Spatial localization data
• • • • • • •

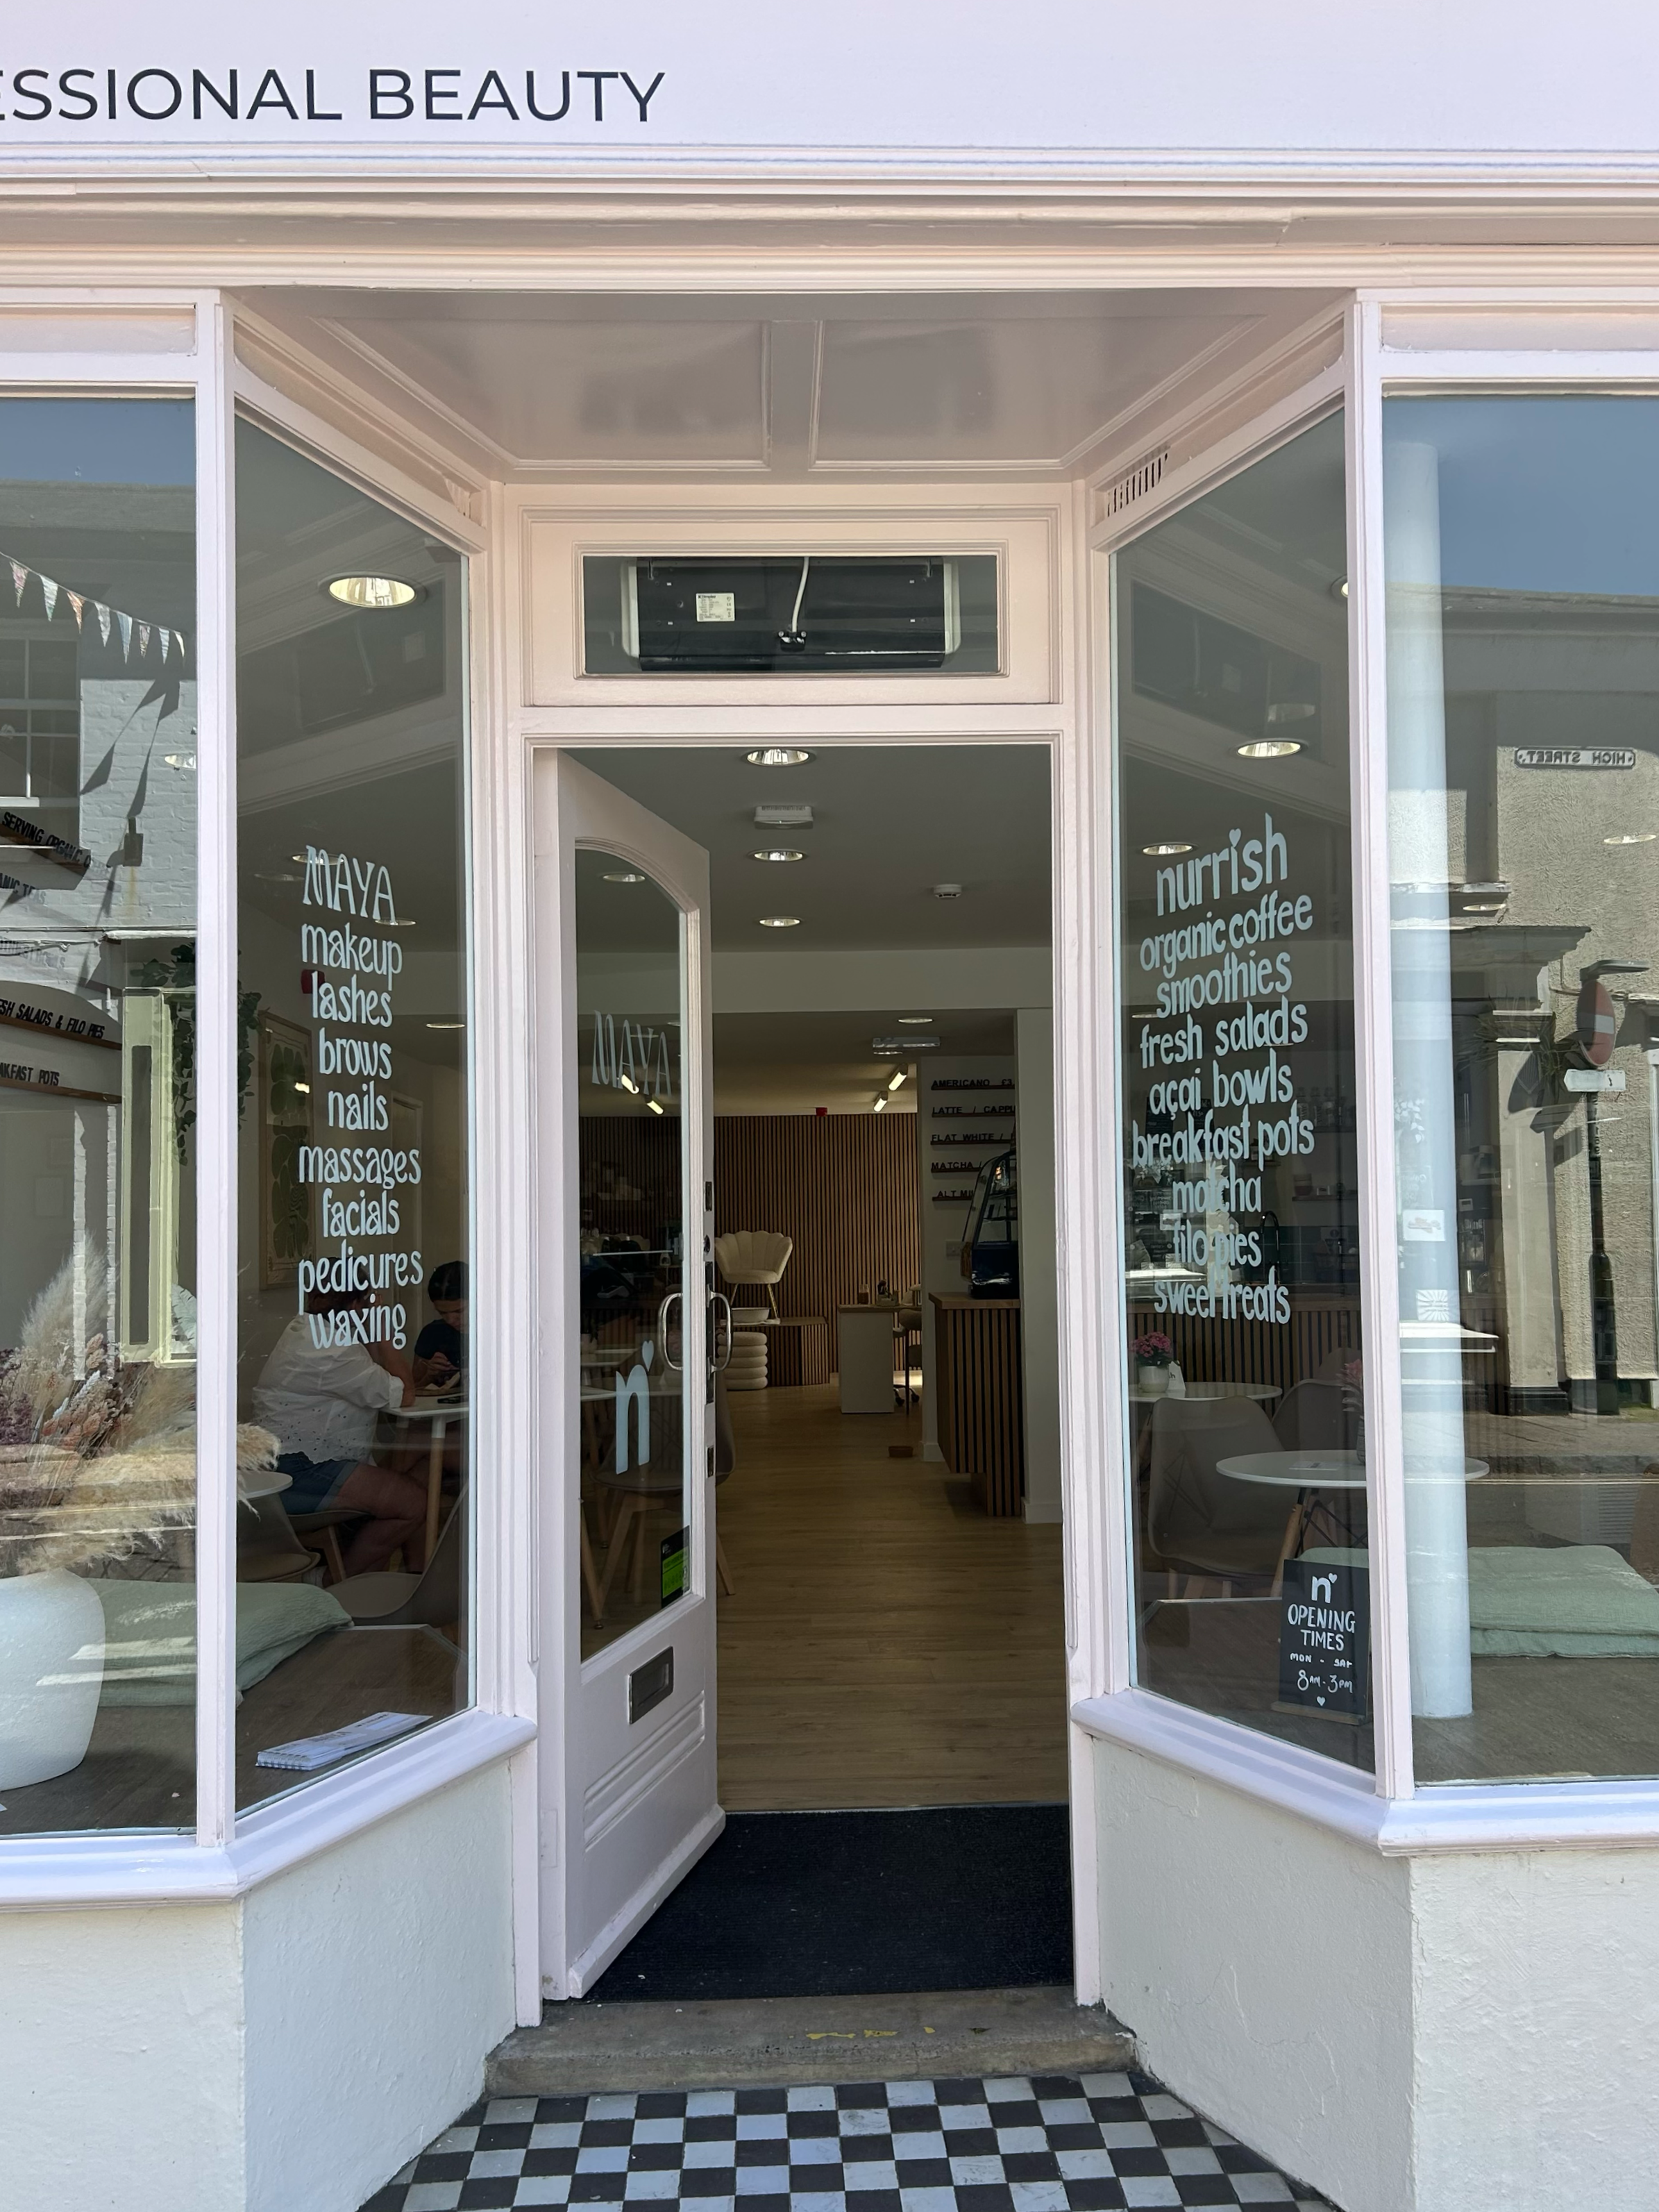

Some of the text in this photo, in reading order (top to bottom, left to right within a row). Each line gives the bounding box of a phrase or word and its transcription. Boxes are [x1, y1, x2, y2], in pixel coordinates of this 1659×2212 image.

[0, 68, 666, 122] SSIONAL BEAUTY
[2, 812, 44, 843] SERVING
[302, 845, 397, 925] MAYA
[1156, 813, 1288, 916] nurrish
[301, 923, 403, 991] makeup
[1140, 889, 1313, 979] organic coffee
[312, 971, 392, 1028] lashes
[1156, 950, 1292, 1019] smoothies
[16, 1003, 53, 1026] SALADS
[56, 1014, 64, 1029] &
[66, 1017, 86, 1034] FILO
[1140, 994, 1308, 1069] fresh salads
[38, 1069, 60, 1086] POTS
[319, 1027, 393, 1080] brows
[591, 1009, 672, 1098] MAYA
[328, 1080, 389, 1131] nails
[932, 1079, 991, 1087] AMERICANO
[932, 1106, 963, 1114] LATTE
[1149, 1066, 1202, 1120] açai
[1213, 1047, 1294, 1108] bowls
[932, 1133, 957, 1142] FLAT
[963, 1132, 994, 1141] WHITE
[1132, 1103, 1250, 1168] breakfast
[1258, 1100, 1315, 1171] pots
[298, 1145, 422, 1190] massages
[931, 1162, 974, 1170] MATCHA
[1172, 1159, 1262, 1213] matcha
[321, 1188, 401, 1238] facials
[938, 1190, 956, 1198] ALT
[298, 1239, 423, 1316] pedicures
[1173, 1219, 1263, 1282] filo pies
[308, 1293, 407, 1350] waxing
[1154, 1265, 1291, 1324] sweet treats
[616, 1364, 650, 1475] n
[1288, 1604, 1356, 1633] OPENING
[1300, 1629, 1345, 1652] TIMES
[1290, 1652, 1313, 1664] MON
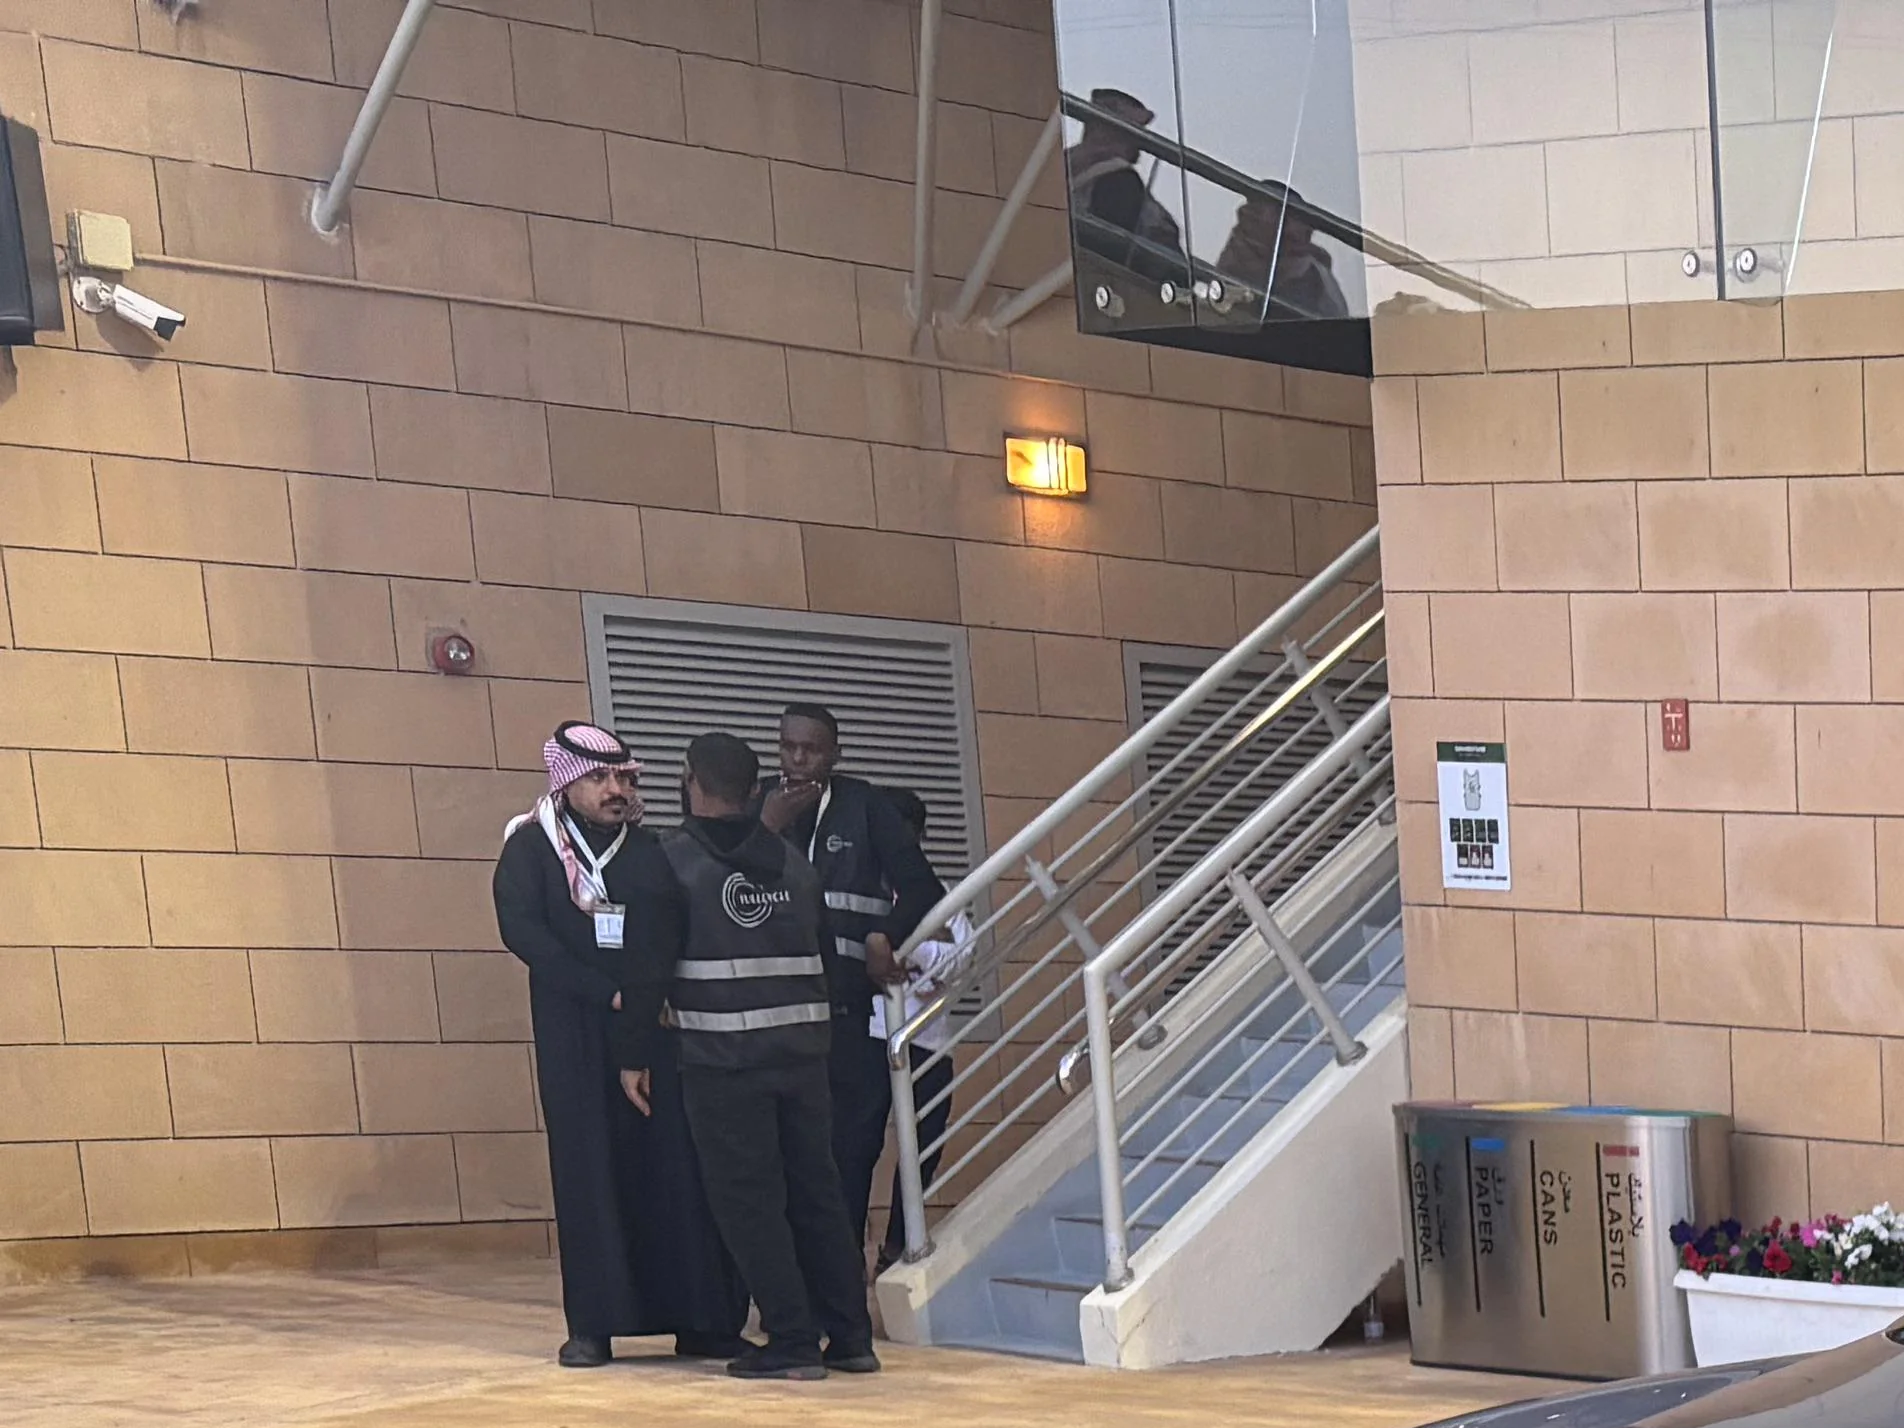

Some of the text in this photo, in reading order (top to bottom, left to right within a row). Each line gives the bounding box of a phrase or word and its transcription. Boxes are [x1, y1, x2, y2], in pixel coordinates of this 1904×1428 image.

[1413, 1160, 1433, 1269] GENERAL
[1474, 1166, 1494, 1255] PAPER
[1539, 1170, 1558, 1246] CANS
[1604, 1172, 1627, 1289] PLASTIC
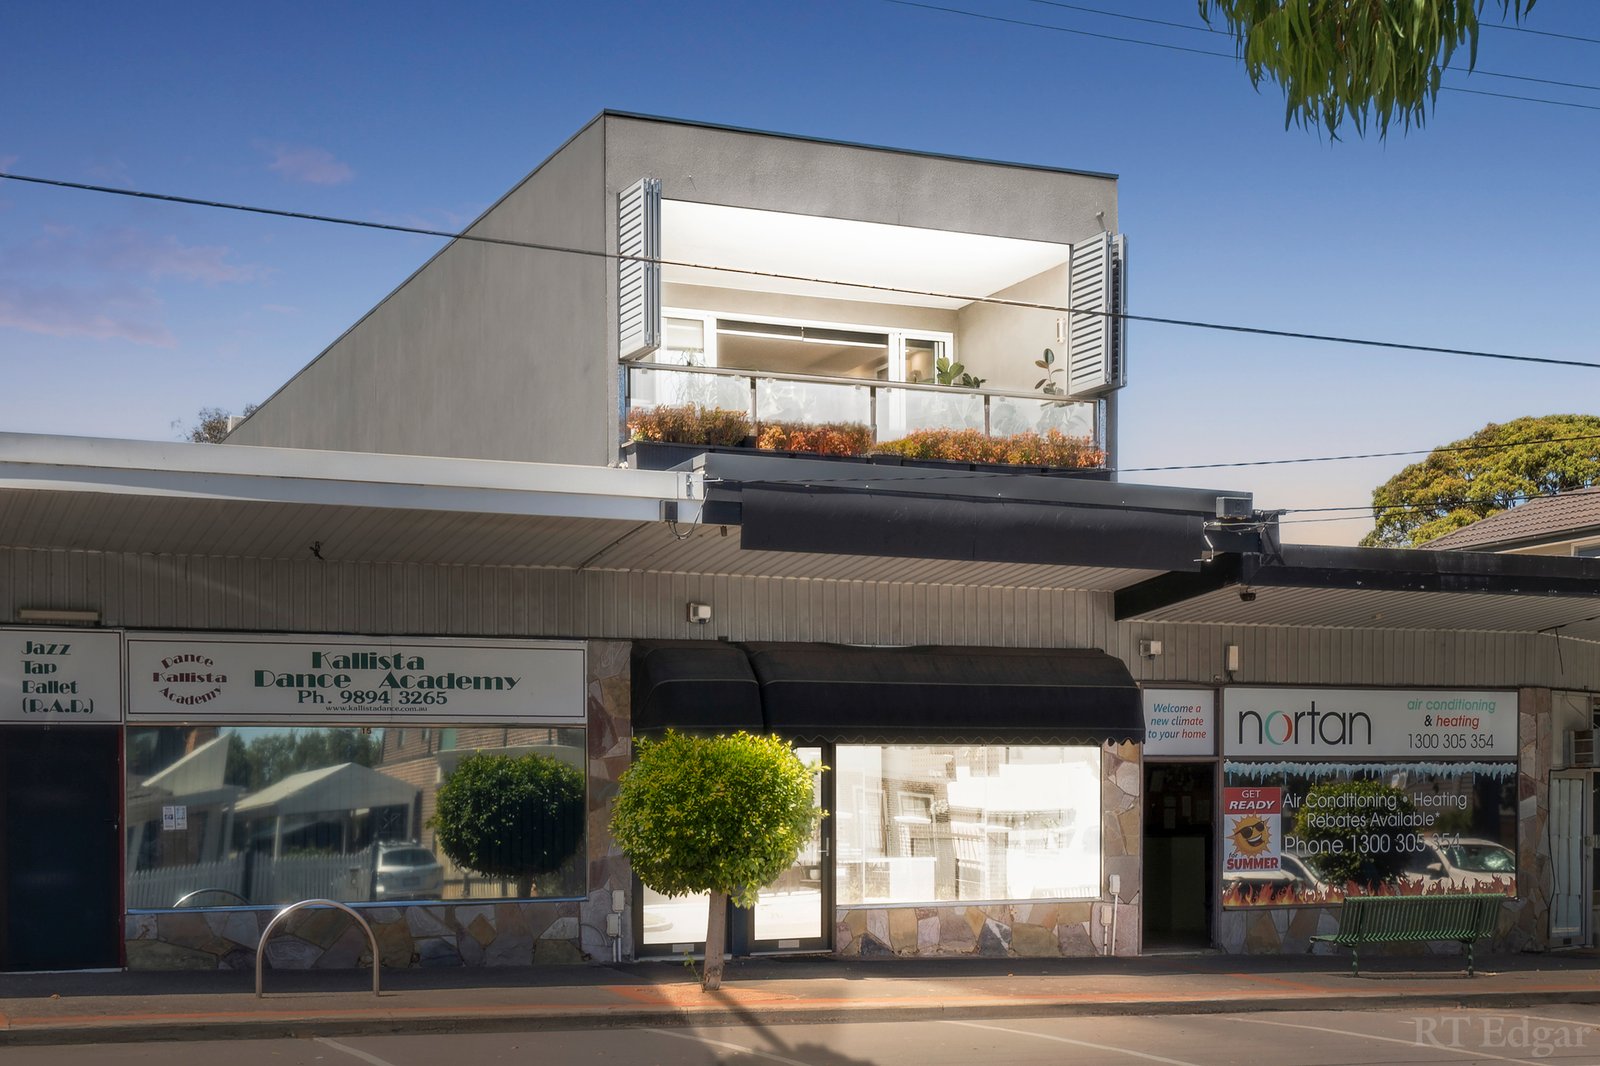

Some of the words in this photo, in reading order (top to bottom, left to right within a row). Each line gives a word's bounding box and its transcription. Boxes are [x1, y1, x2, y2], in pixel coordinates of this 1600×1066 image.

[21, 641, 71, 655] Jazz
[21, 661, 57, 675] Tap
[161, 654, 213, 669] Dance
[312, 651, 424, 670] Kallista
[152, 672, 227, 683] Kallista
[254, 669, 351, 688] Dance
[378, 671, 521, 691] Academy
[22, 680, 79, 694] Ballet
[159, 685, 222, 705] Academy
[298, 690, 332, 704] Ph.
[340, 690, 390, 705] 9894
[399, 691, 447, 705] 3265
[22, 699, 94, 713] (R.A.D.)
[1153, 703, 1194, 714] Welcome
[1195, 706, 1201, 714] a
[1407, 699, 1423, 711] air
[1425, 698, 1496, 714] conditioning
[1150, 718, 1169, 726] new
[1170, 716, 1204, 726] climate
[1238, 700, 1372, 745] nortan
[1424, 715, 1433, 727] &
[1436, 714, 1480, 730] heating
[1148, 730, 1157, 739] to
[1158, 731, 1180, 741] your
[1181, 728, 1207, 739] home
[1407, 734, 1439, 749] 1300
[1442, 734, 1468, 749] 305
[1470, 734, 1494, 749] 354
[1241, 789, 1260, 798] GET
[1228, 799, 1276, 810] READY
[1282, 793, 1301, 808] Air
[1305, 792, 1397, 811] Conditioning
[1414, 792, 1467, 810] Heating
[1307, 812, 1367, 828] Rebates
[1284, 836, 1343, 855] Phone
[1351, 835, 1390, 853] 1300
[1395, 834, 1426, 852] 305
[1226, 857, 1279, 870] SUMMER

• • • • • • •

Assignment: Quote all the records verbatim, dropping any pictures from your copy.

Answer:
Some of the text in this photo, in reading order (top to bottom, left to right within a row). Each line gives the bounding box of a phrase or word and its transcription. Boxes are [x1, y1, x2, y2], in pixel coordinates of this 1659×2212 image.

[0, 68, 666, 122] SSIONAL BEAUTY
[2, 812, 44, 843] SERVING
[302, 845, 397, 925] MAYA
[1156, 813, 1288, 916] nurrish
[301, 923, 403, 991] makeup
[1140, 889, 1313, 979] organic coffee
[312, 971, 392, 1028] lashes
[1156, 950, 1292, 1019] smoothies
[16, 1003, 53, 1026] SALADS
[56, 1014, 64, 1029] &
[66, 1017, 86, 1034] FILO
[1140, 994, 1308, 1069] fresh salads
[38, 1069, 60, 1086] POTS
[319, 1027, 393, 1080] brows
[591, 1009, 672, 1098] MAYA
[328, 1080, 389, 1131] nails
[932, 1079, 991, 1087] AMERICANO
[932, 1106, 963, 1114] LATTE
[1149, 1066, 1202, 1120] açai
[1213, 1047, 1294, 1108] bowls
[932, 1133, 957, 1142] FLAT
[963, 1132, 994, 1141] WHITE
[1132, 1103, 1250, 1168] breakfast
[1258, 1100, 1315, 1171] pots
[298, 1145, 422, 1190] massages
[931, 1162, 974, 1170] MATCHA
[1172, 1159, 1262, 1213] matcha
[321, 1188, 401, 1238] facials
[938, 1190, 956, 1198] ALT
[298, 1239, 423, 1316] pedicures
[1173, 1219, 1263, 1282] filo pies
[308, 1293, 407, 1350] waxing
[1154, 1265, 1291, 1324] sweet treats
[616, 1364, 650, 1475] n
[1288, 1604, 1356, 1633] OPENING
[1300, 1629, 1345, 1652] TIMES
[1290, 1652, 1313, 1664] MON

Some of the text in this photo, in reading order (top to bottom, left to right within a row). Each line gives the bounding box of a phrase or word and its transcription. Boxes are [x1, y1, x2, y2], in pixel coordinates of this 1904×1428 image.

[1413, 1160, 1433, 1269] GENERAL
[1474, 1166, 1494, 1255] PAPER
[1539, 1170, 1558, 1246] CANS
[1604, 1172, 1627, 1289] PLASTIC

Some of the words in this photo, in reading order (top to bottom, left to right within a row). Each line gives a word's bounding box and its transcription. Boxes are [x1, y1, x2, y2], in pixel coordinates of this 1600×1066 image.

[21, 641, 71, 655] Jazz
[21, 661, 57, 675] Tap
[161, 654, 213, 669] Dance
[312, 651, 424, 670] Kallista
[152, 672, 227, 683] Kallista
[254, 669, 351, 688] Dance
[378, 671, 521, 691] Academy
[22, 680, 79, 694] Ballet
[159, 685, 222, 705] Academy
[298, 690, 332, 704] Ph.
[340, 690, 390, 705] 9894
[399, 691, 447, 705] 3265
[22, 699, 94, 713] (R.A.D.)
[1153, 703, 1194, 714] Welcome
[1195, 706, 1201, 714] a
[1407, 699, 1423, 711] air
[1425, 698, 1496, 714] conditioning
[1150, 718, 1169, 726] new
[1170, 716, 1204, 726] climate
[1238, 700, 1372, 745] nortan
[1424, 715, 1433, 727] &
[1436, 714, 1480, 730] heating
[1148, 730, 1157, 739] to
[1158, 731, 1180, 741] your
[1181, 728, 1207, 739] home
[1407, 734, 1439, 749] 1300
[1442, 734, 1468, 749] 305
[1470, 734, 1494, 749] 354
[1241, 789, 1260, 798] GET
[1228, 799, 1276, 810] READY
[1282, 793, 1301, 808] Air
[1305, 792, 1397, 811] Conditioning
[1414, 792, 1467, 810] Heating
[1307, 812, 1367, 828] Rebates
[1284, 836, 1343, 855] Phone
[1351, 835, 1390, 853] 1300
[1395, 834, 1426, 852] 305
[1226, 857, 1279, 870] SUMMER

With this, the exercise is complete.